What you should do: Nothing but the lines from the one containing "this 1344×1344 image." through the end of the entries below should appear in your answer, transcribed exactly; please drop the pictures.

[Stored data entries]

=== Section Start ===

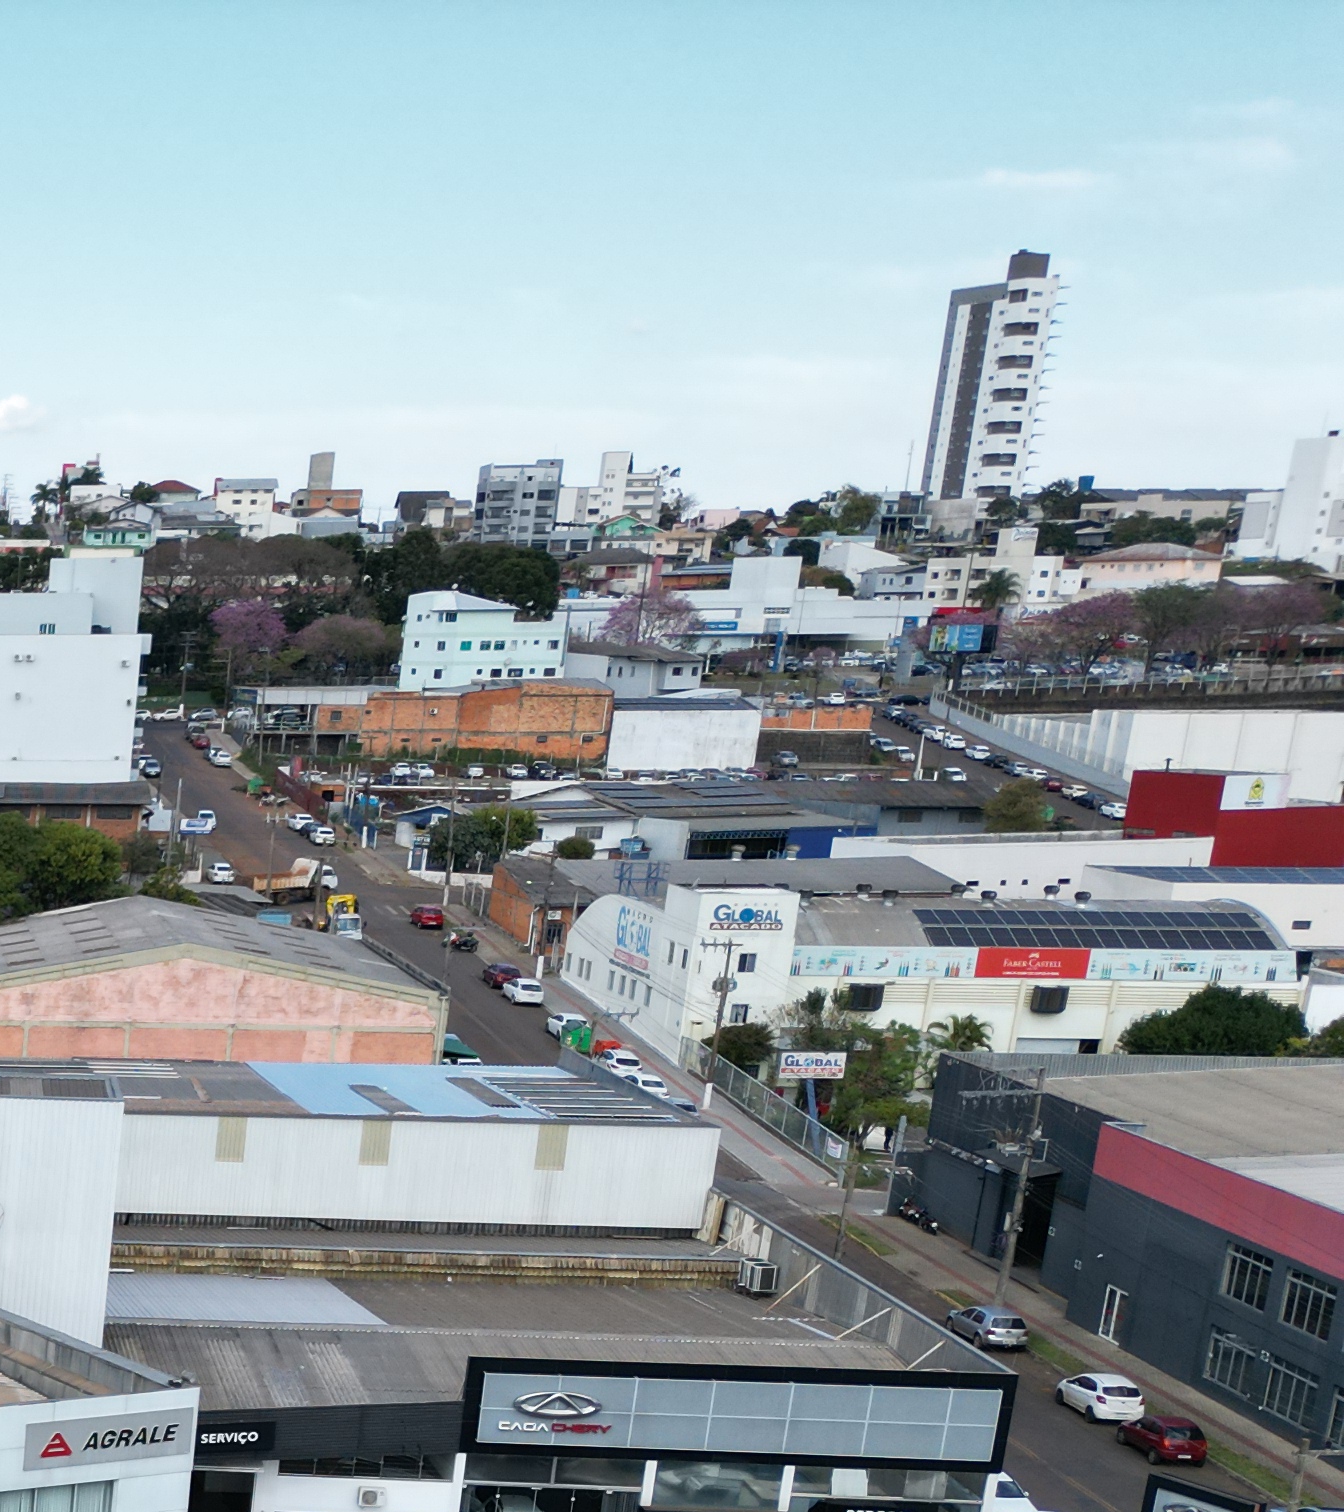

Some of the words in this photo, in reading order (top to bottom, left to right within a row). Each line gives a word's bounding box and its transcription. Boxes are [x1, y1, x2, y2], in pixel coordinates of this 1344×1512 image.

[713, 904, 783, 922] GLOBAL
[616, 906, 652, 957] GLOBAL
[784, 1055, 842, 1067] GLOBAL
[83, 1423, 180, 1451] AGRALE
[200, 1431, 259, 1446] SERVIÇO
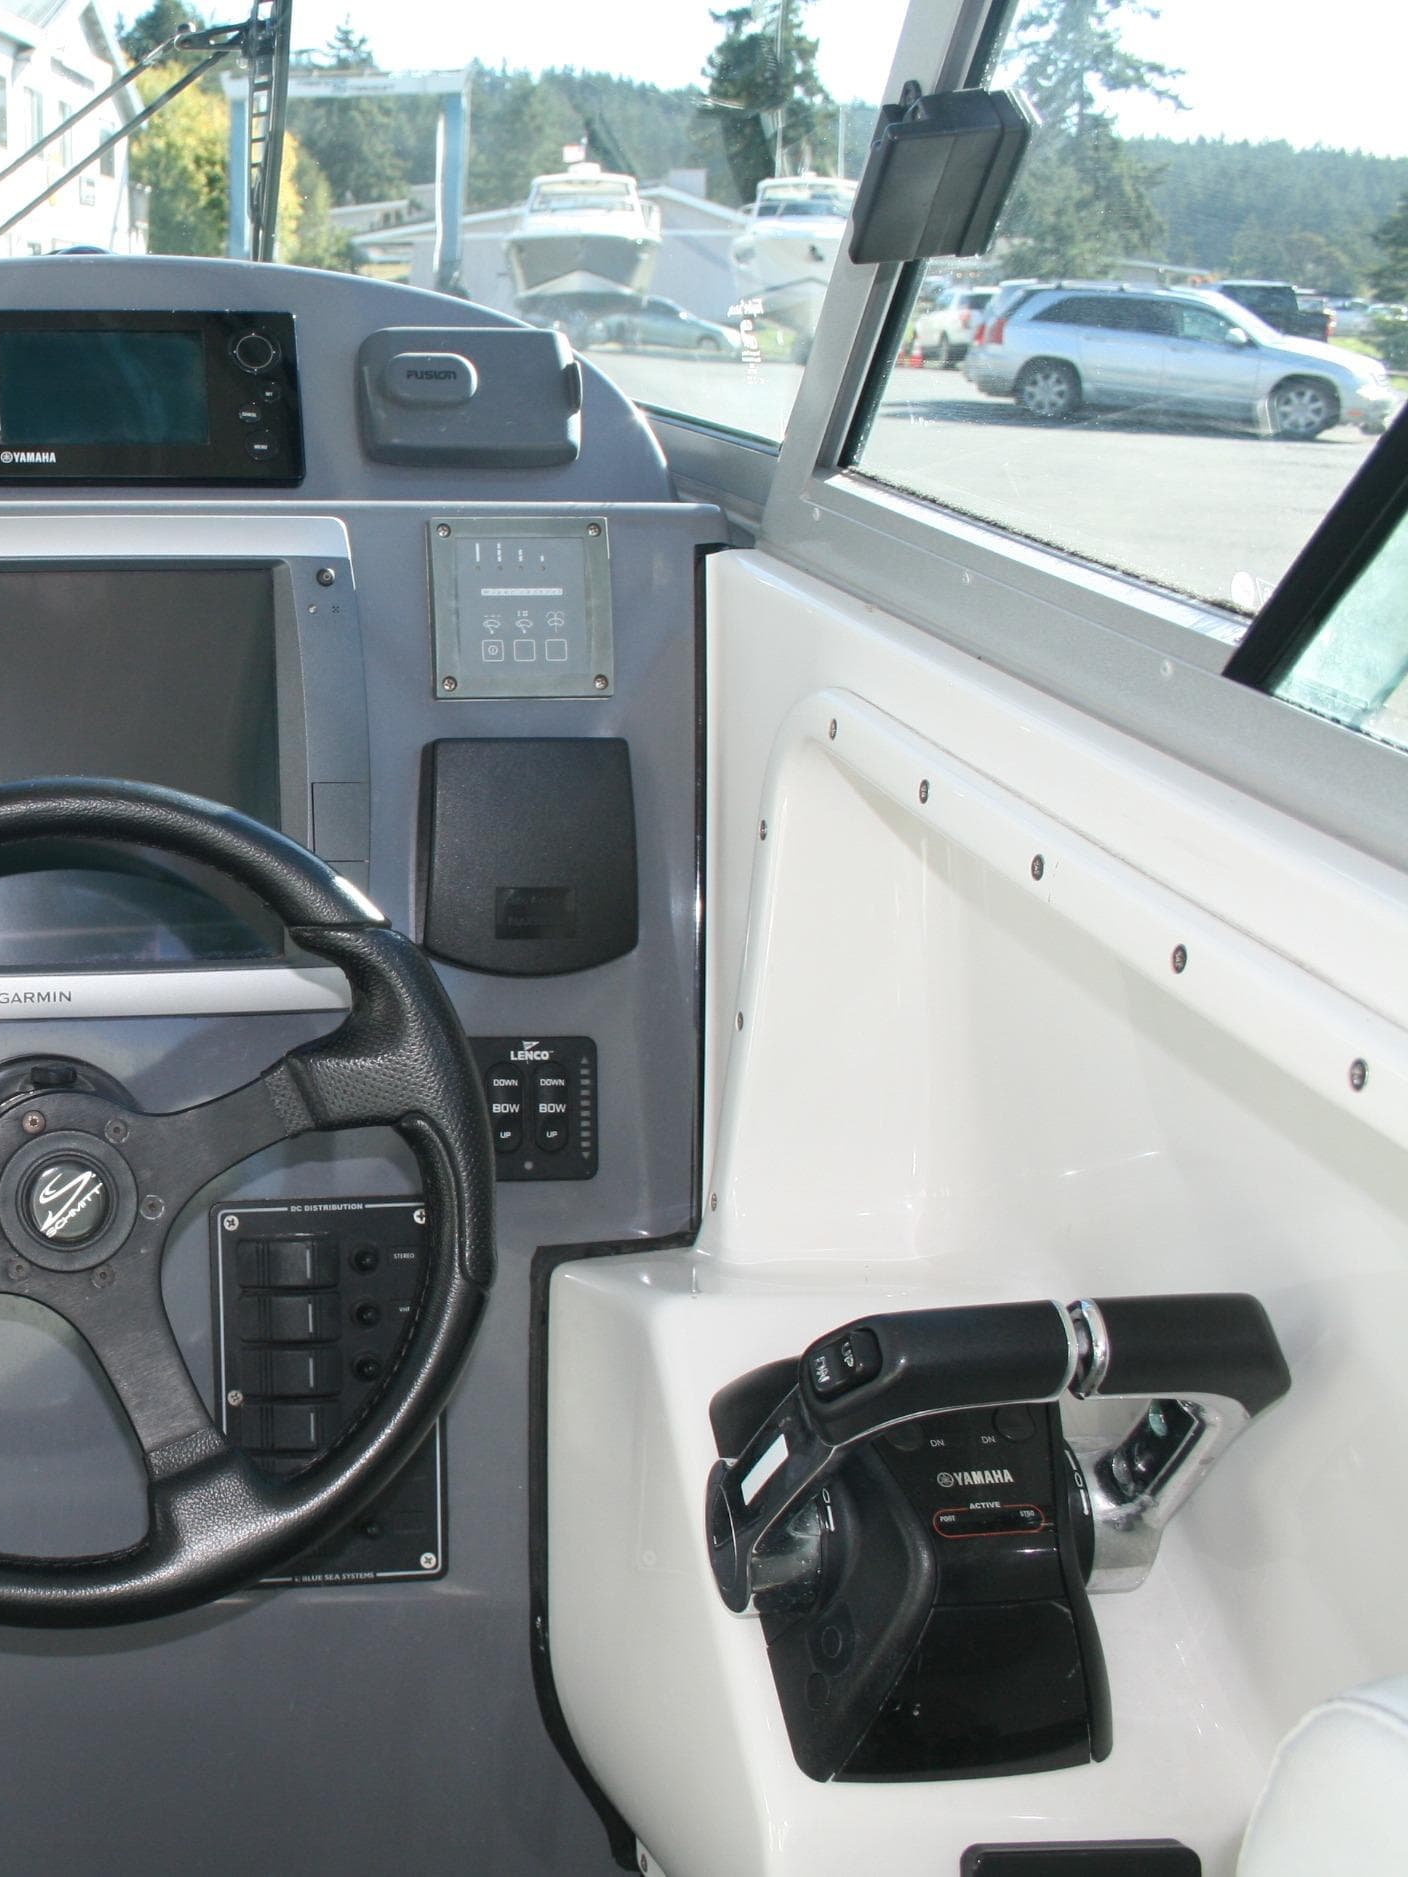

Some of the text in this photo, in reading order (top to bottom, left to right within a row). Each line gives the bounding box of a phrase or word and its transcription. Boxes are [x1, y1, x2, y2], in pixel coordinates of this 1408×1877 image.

[406, 370, 457, 380] FUSION
[13, 451, 57, 463] YAMAHA
[509, 1050, 550, 1061] LENCO
[493, 1078, 518, 1087] DOWN
[540, 1078, 565, 1087] DOWN
[492, 1103, 520, 1113] BOW
[539, 1103, 566, 1113] BOW
[499, 1131, 511, 1139] UP
[546, 1130, 558, 1138] UP
[304, 1203, 363, 1212] DISTRIBUTION
[953, 1469, 1014, 1486] YAMAHA
[969, 1501, 1001, 1510] ACTIVE
[939, 1514, 956, 1522] PORT
[301, 1571, 375, 1582] BLUE SEA SYSTEMS
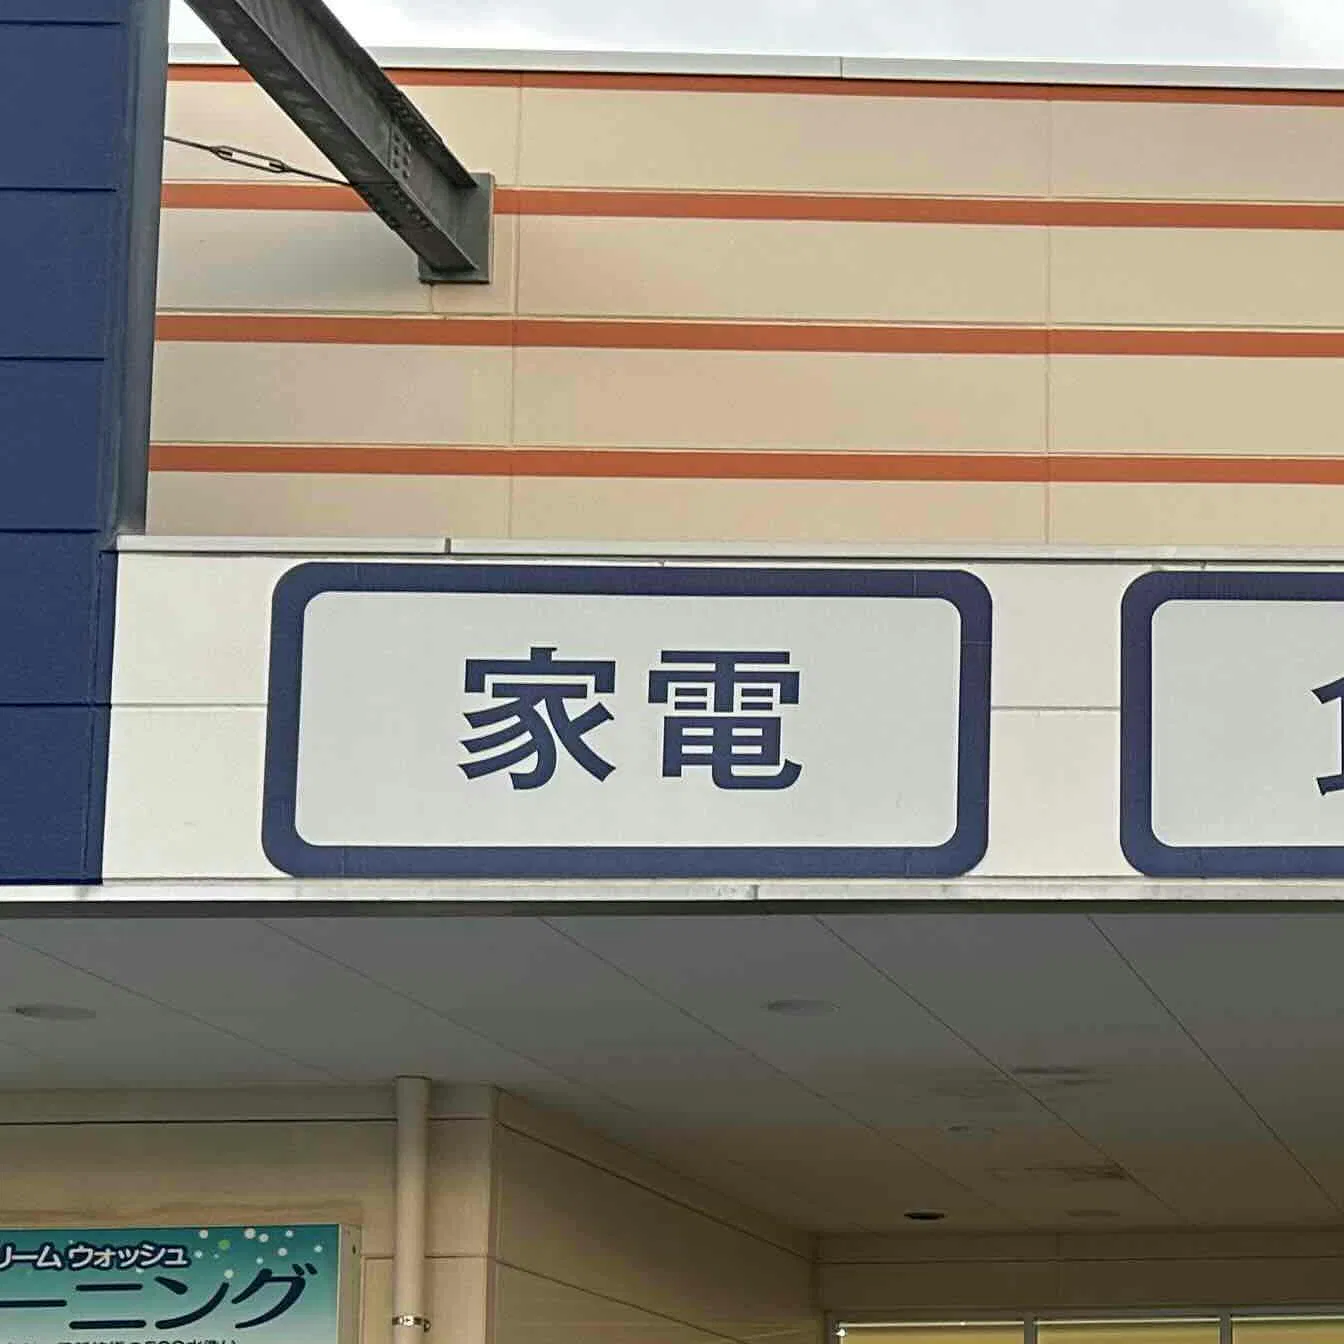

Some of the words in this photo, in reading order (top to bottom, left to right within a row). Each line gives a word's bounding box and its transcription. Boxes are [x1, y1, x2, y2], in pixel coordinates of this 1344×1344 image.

[459, 647, 802, 790] 家電
[68, 1242, 188, 1268] ウォッシュ
[0, 1263, 318, 1330] ーニング
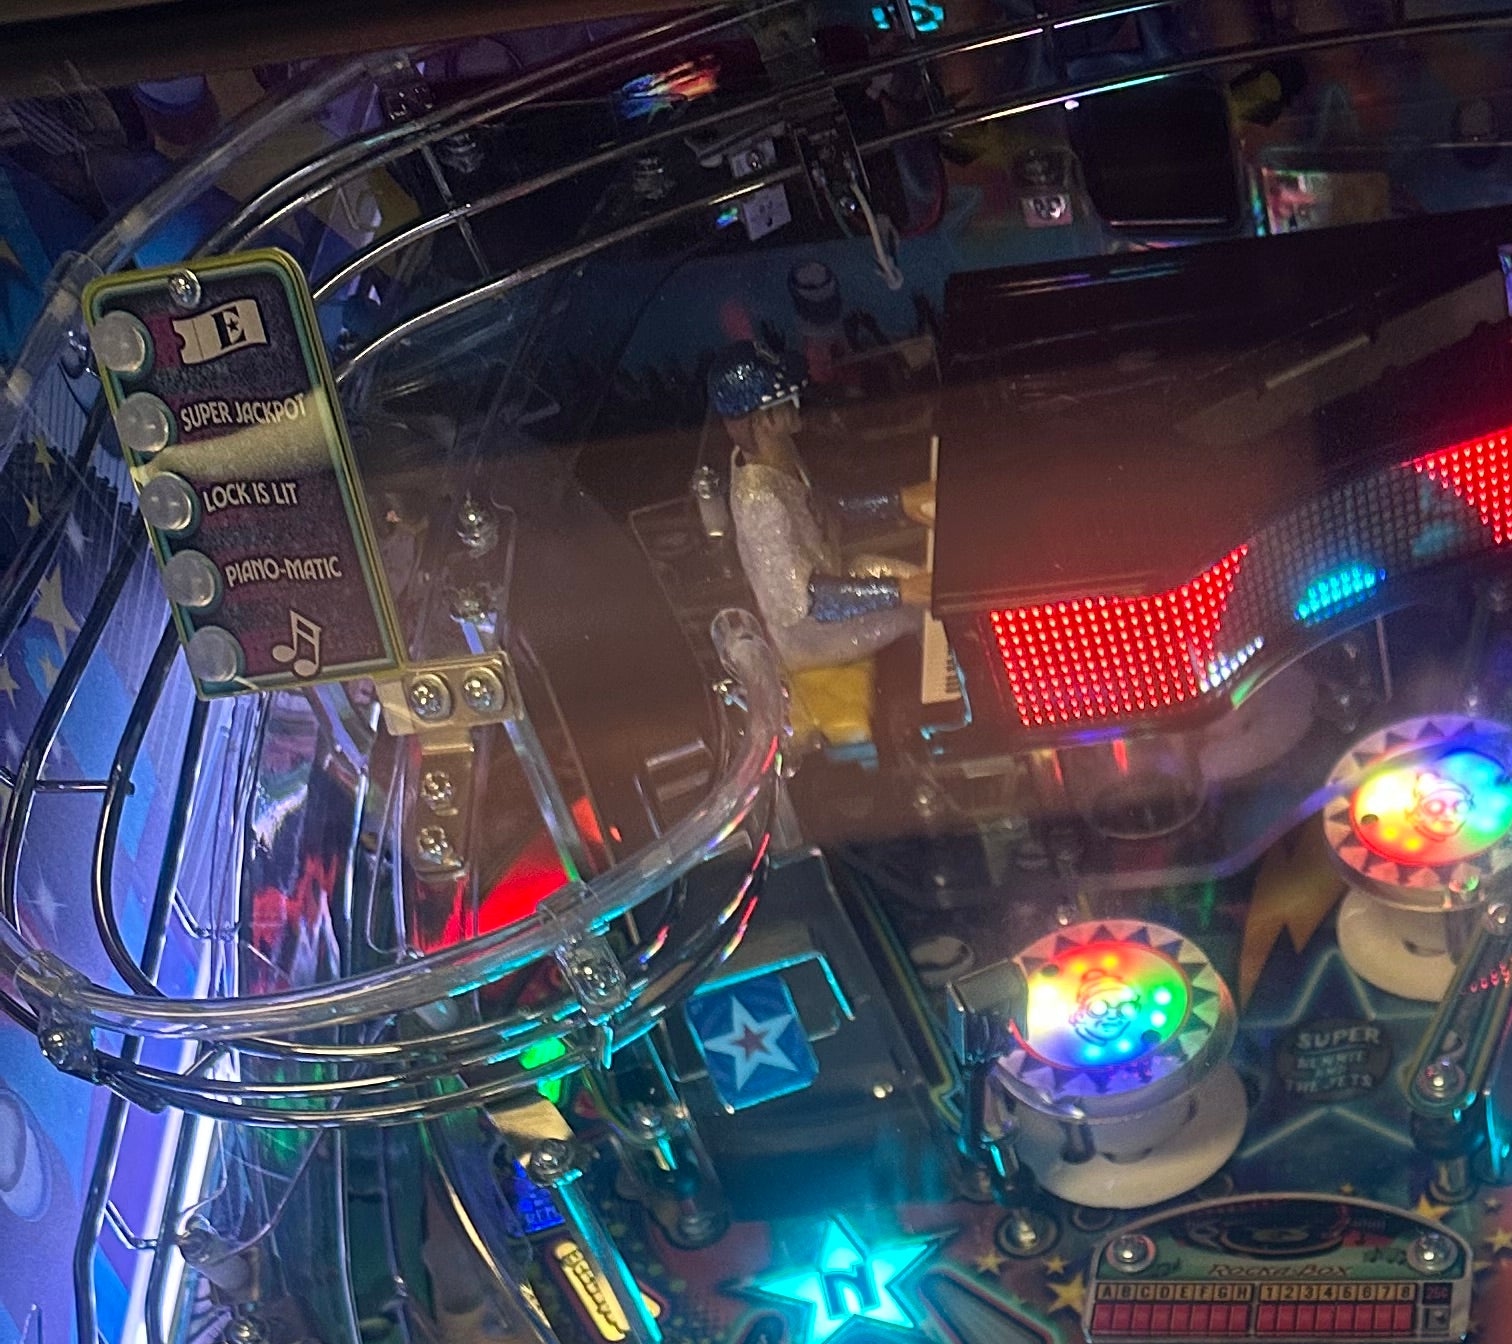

=== Section End ===

The answer:
Some of the words in this photo, in reading order (top to bottom, left to right within a row). Each line gives a word's bounding box and its transcription. Boxes are [x1, y1, x2, y2], in pixel coordinates of this 1344×1344 image.

[459, 647, 802, 790] 家電
[68, 1242, 188, 1268] ウォッシュ
[0, 1263, 318, 1330] ーニング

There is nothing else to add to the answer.